Bu sözleri Mirza’dan vazgeçtiğinden değil, çaresizlikten söylemişti. Öyle demişti demesine ama Leyla’yı uğurladıktan sonra bile Mirza’yı düşünmekten geri durmamıştı. Günlerce süren bunalımdan sonra ilk kez Leyla’nın ziyaretiyle Berfin’in yüzü gülmüş ve kına gecesi sevdiğini görecek olmanın hayaliyle huzurlu bir uykuya dalmıştı.

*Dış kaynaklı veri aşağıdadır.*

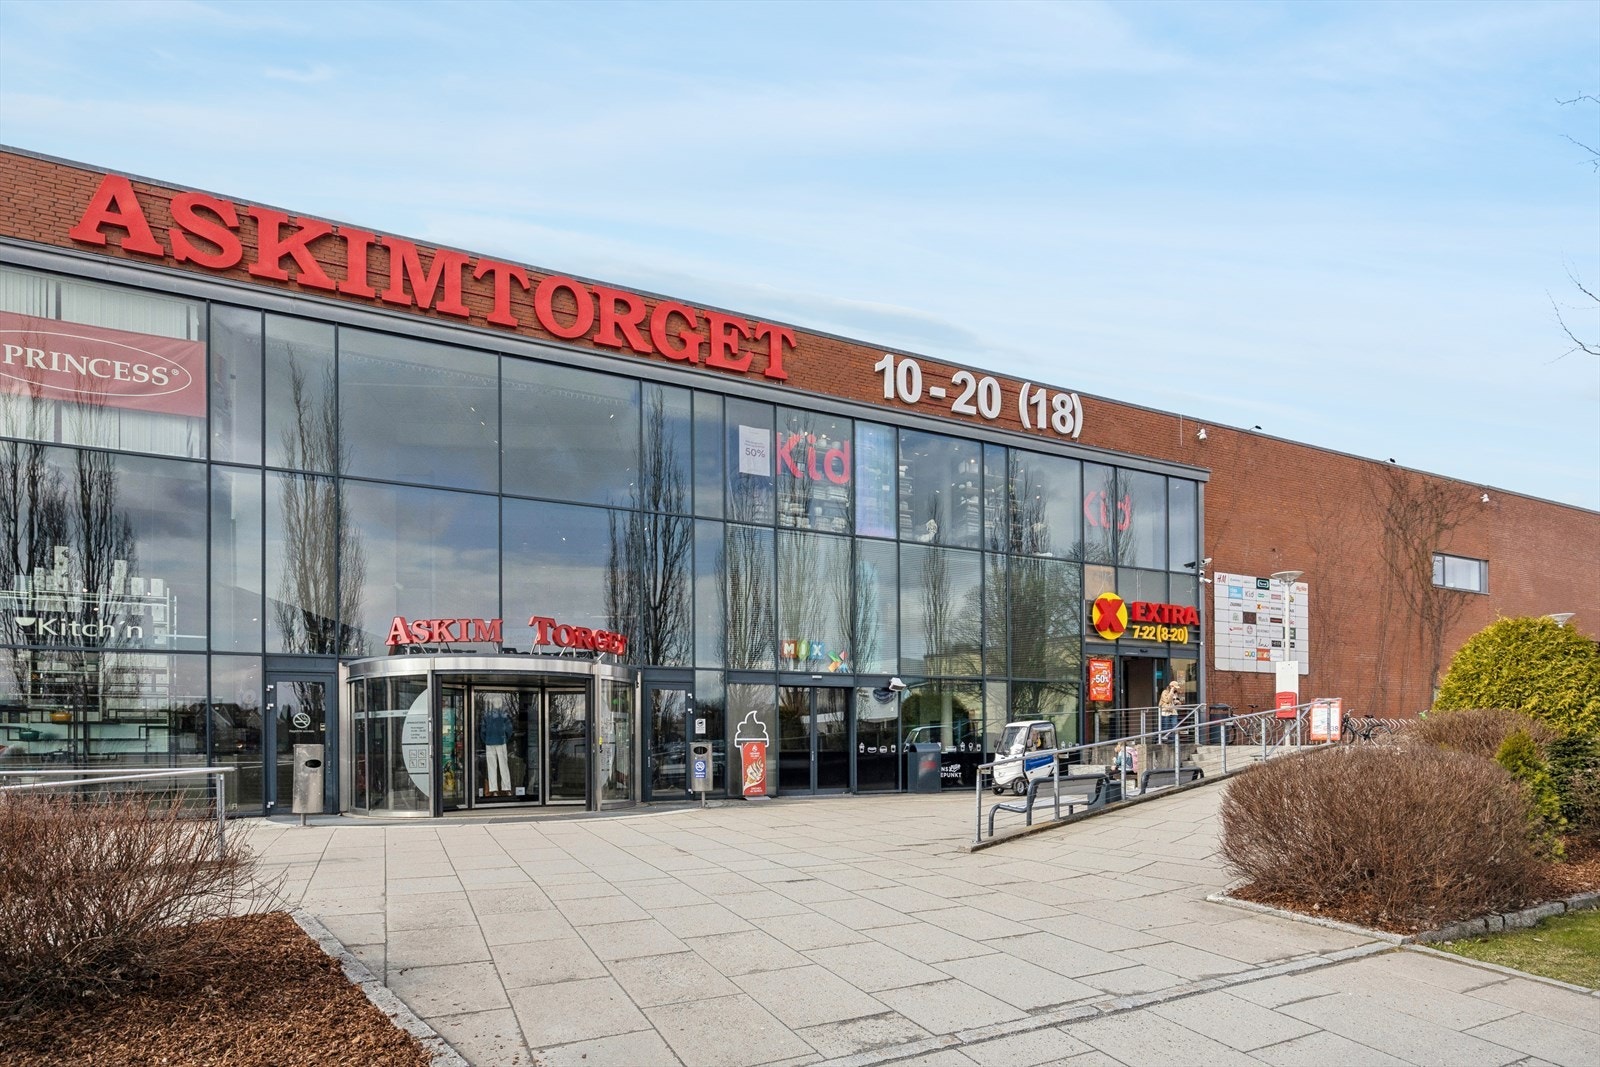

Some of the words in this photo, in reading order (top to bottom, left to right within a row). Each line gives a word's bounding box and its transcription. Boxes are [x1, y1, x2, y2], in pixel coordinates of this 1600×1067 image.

Bilal, Leyla ile Berfin’in konuştuklarının hepsini anlatmıştı Mirza’ya. Berfin’in kendisini sevdiğine dair sözlerinden dolayı mutlu olmuştu. “O da beni bu kadar çok seviyorsa elbet kavuşmanın bir yolunu bulacağız.” diyerek duyduğu sözlerin kendisine güç ve umut verdiğini söylemişti. En büyük sevinci ise Berfin’in kına gecesine geleceğini duyduğunda yaşamıştı. Kına gecesi gelip çattığında Mirza en az damat kadar heyecanlıydı. Damadın en yakın arkadaşı olduğundan yanından hiç ayrılmıyor, bir gölge gibi onu takip ediyordu. Aslında onun tüm heyecanı ve çabası Berfin’i görmek içindi. Zira o dönemlerde erkek ve kadınlar ayrı ayrı yerlerde eğlendiğinden, damada yakın olması hâlinde Berfin’i görebileceğini biliyordu.

Berfin, kınaya yanında kuzeni ile gelmişti. Leyla onu gördüğünde oturduğu yerden kalkıp ona sarılmış, yanına oturtmuştu. Nasıl ki Mirza Bilal’in yanından ayrılmıyorsa, Berfin de Leyla’nın yanındaydı. Bir ara nasıl olduysa Bilal’le birlikte gelinin olduğu yere gelen Mirza, neredeyse yıllar kadar uzun gelen bir zaman sonra yeniden Berfin’i görmüştü. Karşısında gördüğü Berfin değil de bir melekti sanki. Doğal bir güzelliğe sahip olan Berfin, eğreti makyajına rağmen uzun örgülü siyah saçları, kömür karası gözleri ve uzun boyuyla kına gecesine gelen kızlar arasında hemen fark ediliyordu. Bir yolunu bulup baş başa kaldıklarında ikisi de son günlerde yaşadıklarını anlattılar birbirine. Mirza konuşmanın bir yerinde;

“Bana evet de birlikte kaçalım. Ben seni inancınla, olduğun gibi kabul ediyorum, Müslüman olmak zorunda değilsin.” dedi.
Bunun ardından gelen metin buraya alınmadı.